Por: Rónald Moya.   30 enero, 2011

El jefe de operaciones de la Dirección de Inteligencia y Seguridad Nacional (DIS), Roberto Guillén Solano, regresó a su cargo el 9 de enero tras estar suspendido más de dos años por un supuesto vínculo con una estafa de ¢200 millones con cuentas bancarias.

El regreso de Guillén, de 49 años de edad, a su puesto fue confirmado ayer por el comisionado nacional Antidrogas, Mauricio Boraschi, ante una consulta de este diario.

El funcionario dijo que Guillén cumplió la suspensión administrativa, pero que aún está pendiente la investigación que, sobre la supuesta estafa, realiza la Fiscalía de Fraudes del Ministerio Público. Aclaró que, aunque Guillén regresó a su plaza en la DIS, por ahora no tiene las mismas funciones que realizaba antes.

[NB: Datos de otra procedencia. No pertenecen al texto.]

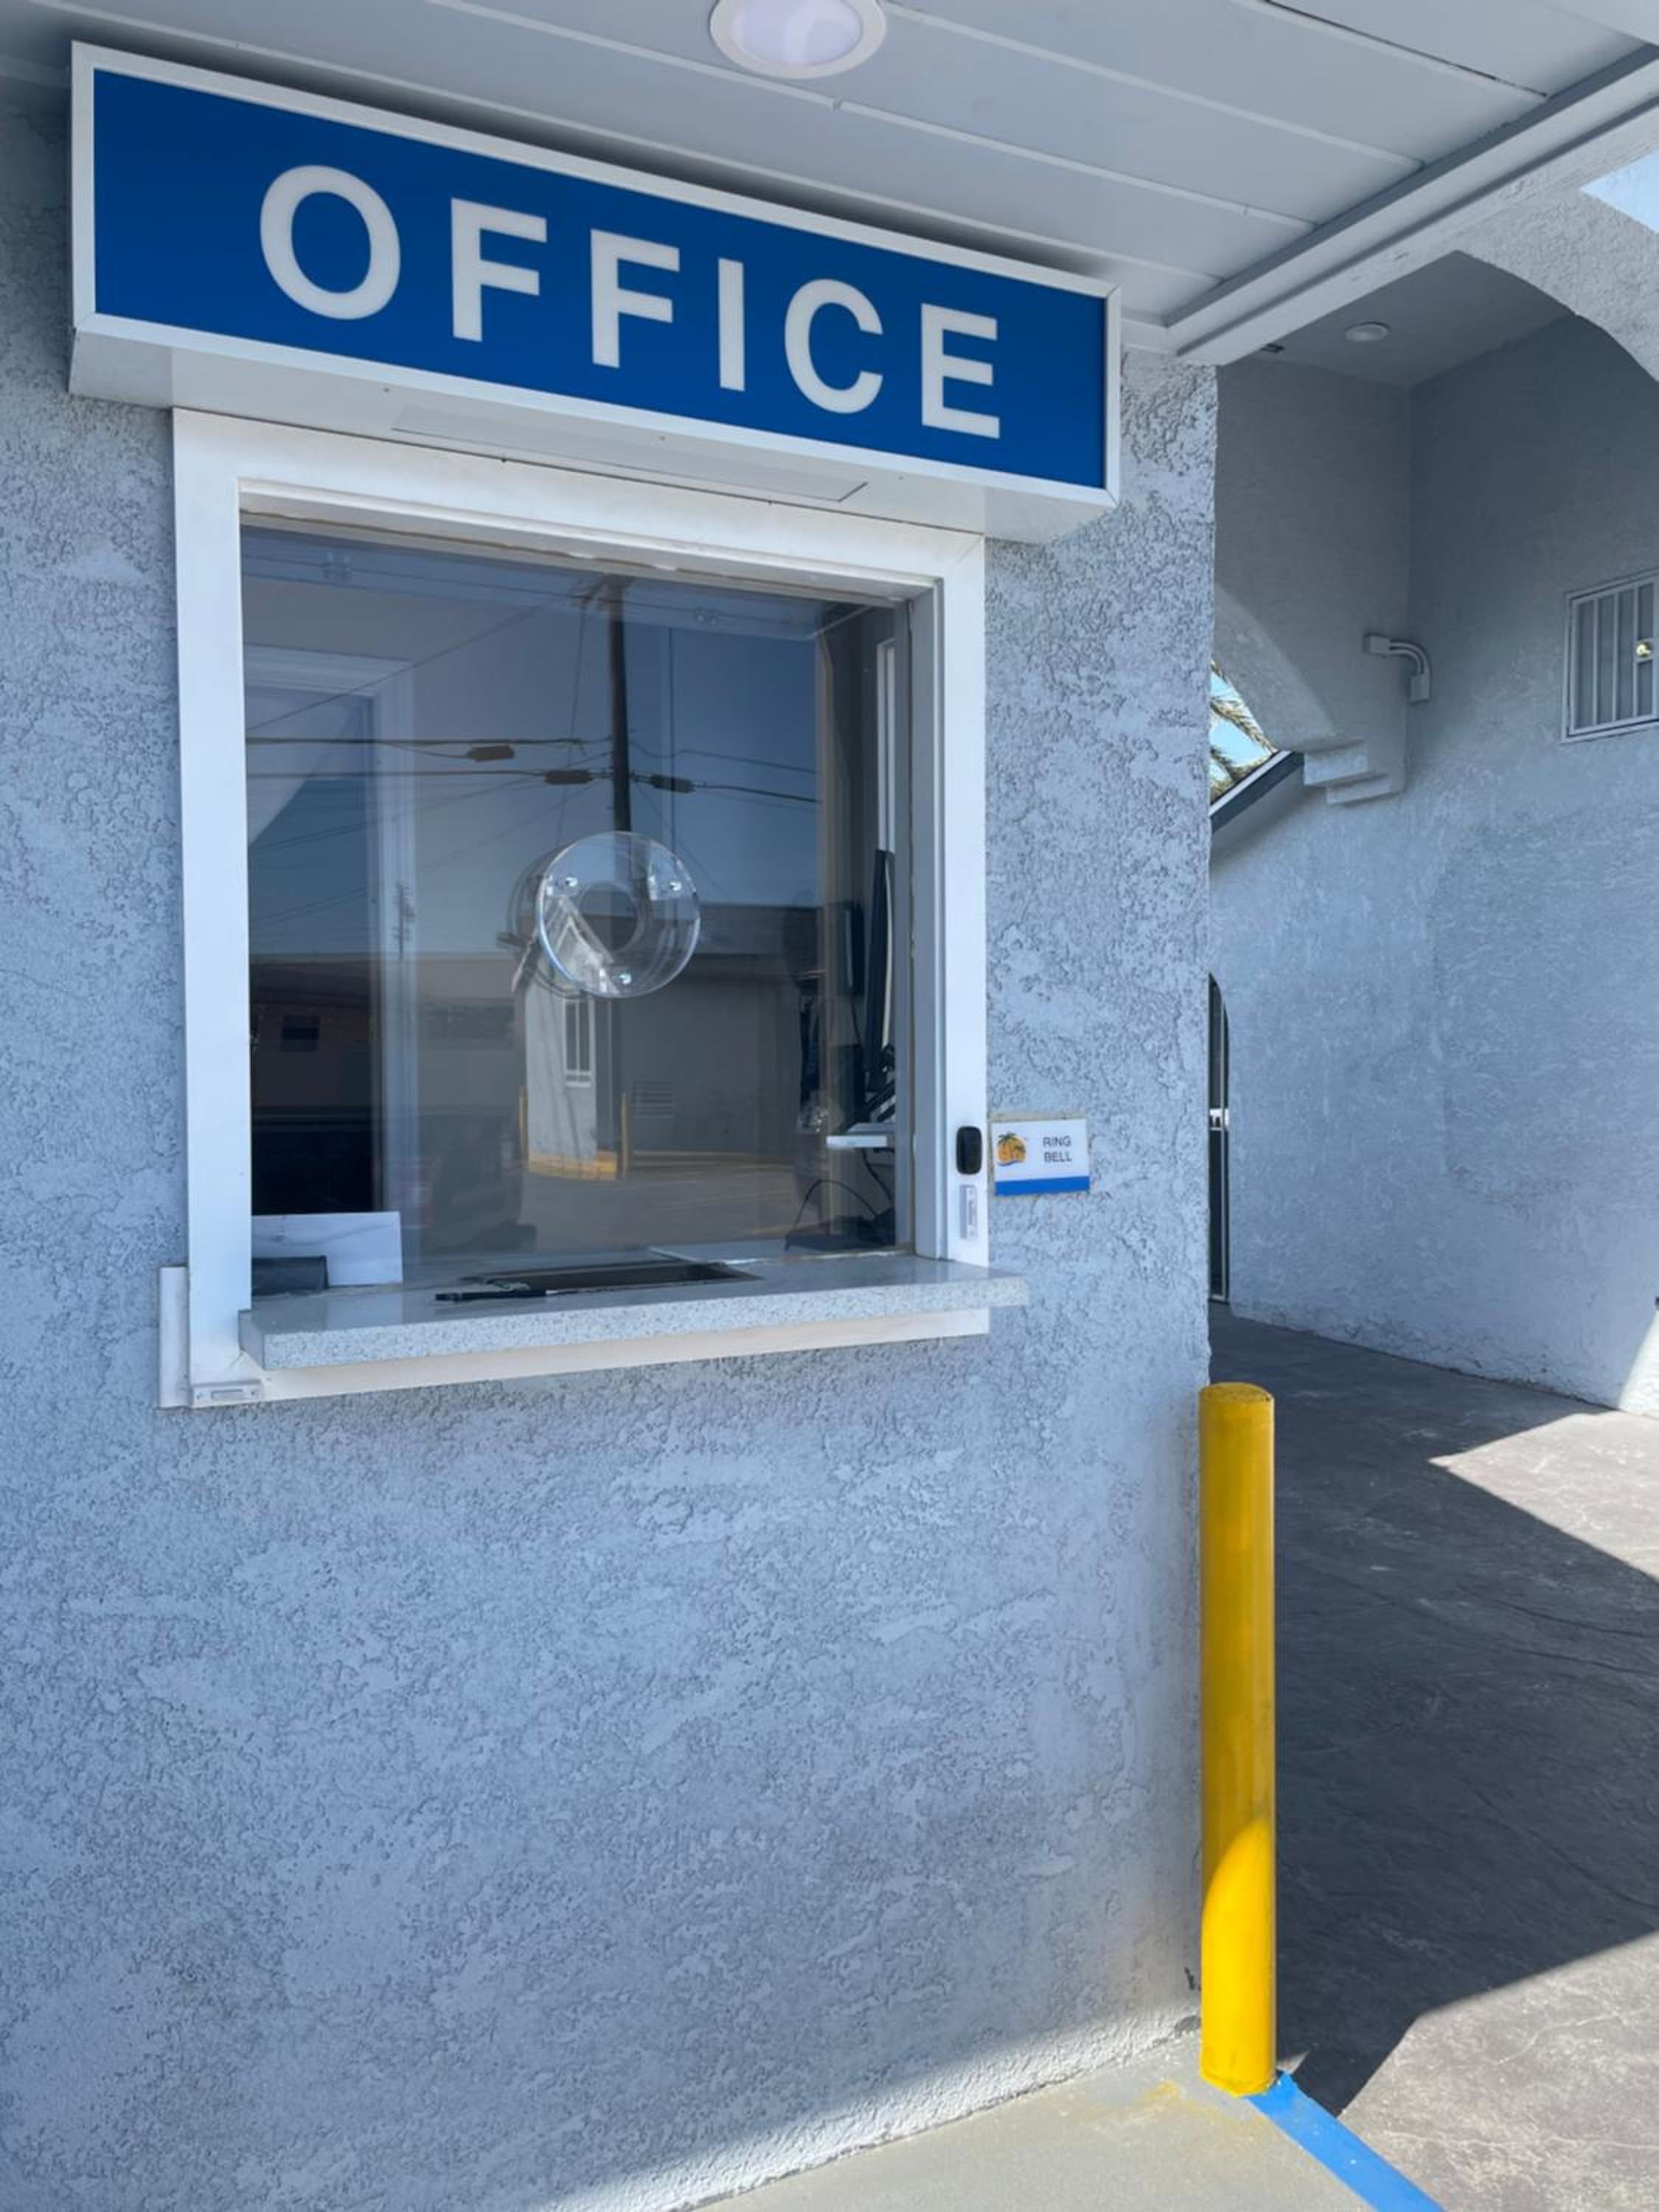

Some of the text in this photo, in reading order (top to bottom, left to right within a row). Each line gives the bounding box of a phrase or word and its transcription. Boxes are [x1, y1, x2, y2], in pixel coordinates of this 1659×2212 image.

[260, 165, 1000, 438] OFFICE
[1043, 1136, 1071, 1147] RING
[1044, 1151, 1072, 1162] BELL

“Ahora tiene funciones que nos permiten un mayor control de sus actuaciones. Está controlado”, comentó Boraschi.

Ayer no fue posible conocer detalles sobre el avance de las investigaciones que lleva a cabo el Ministerio Público.

El caso. El 19 de noviembre del 2008, el Ministerio Público allanó las oficinas de la DIS ubicadas en las inmediaciones de La Sabana, en San José, y Guillén fue detenido. En otros operativos simultáneos se arrestó a nueve personas relacionadas con la presunta estafa, pero todas ajenas a la DIS.

La Fiscalía les atribuyó formar parte de una organización delictiva que a partir del 2007 se dedicó al saqueo de cuentas corrientes de empresas y personas mediante el robo y la falsificación de cheques.

El papel de Guillén, dentro de ese grupo, según el OIJ, era el de utilizar una clave de la base de datos Datum.Net en Internet para rastrear y obtener datos de las eventuales víctimas.

El OIJ aclaró en ese entonces que la firma Datum apoyó las investigaciones policiales que dieron finalmente con las detenciones de los sospechosos.

La acción de la Policía también incluyó el allanamiento del Departamento de Informática de la Casa Presidencial, en Zapote.

Esta acción se hizo para localizar correos electrónicos enviados o recibidos por Guillén, y que podrían tener relación con las presuntas estafas.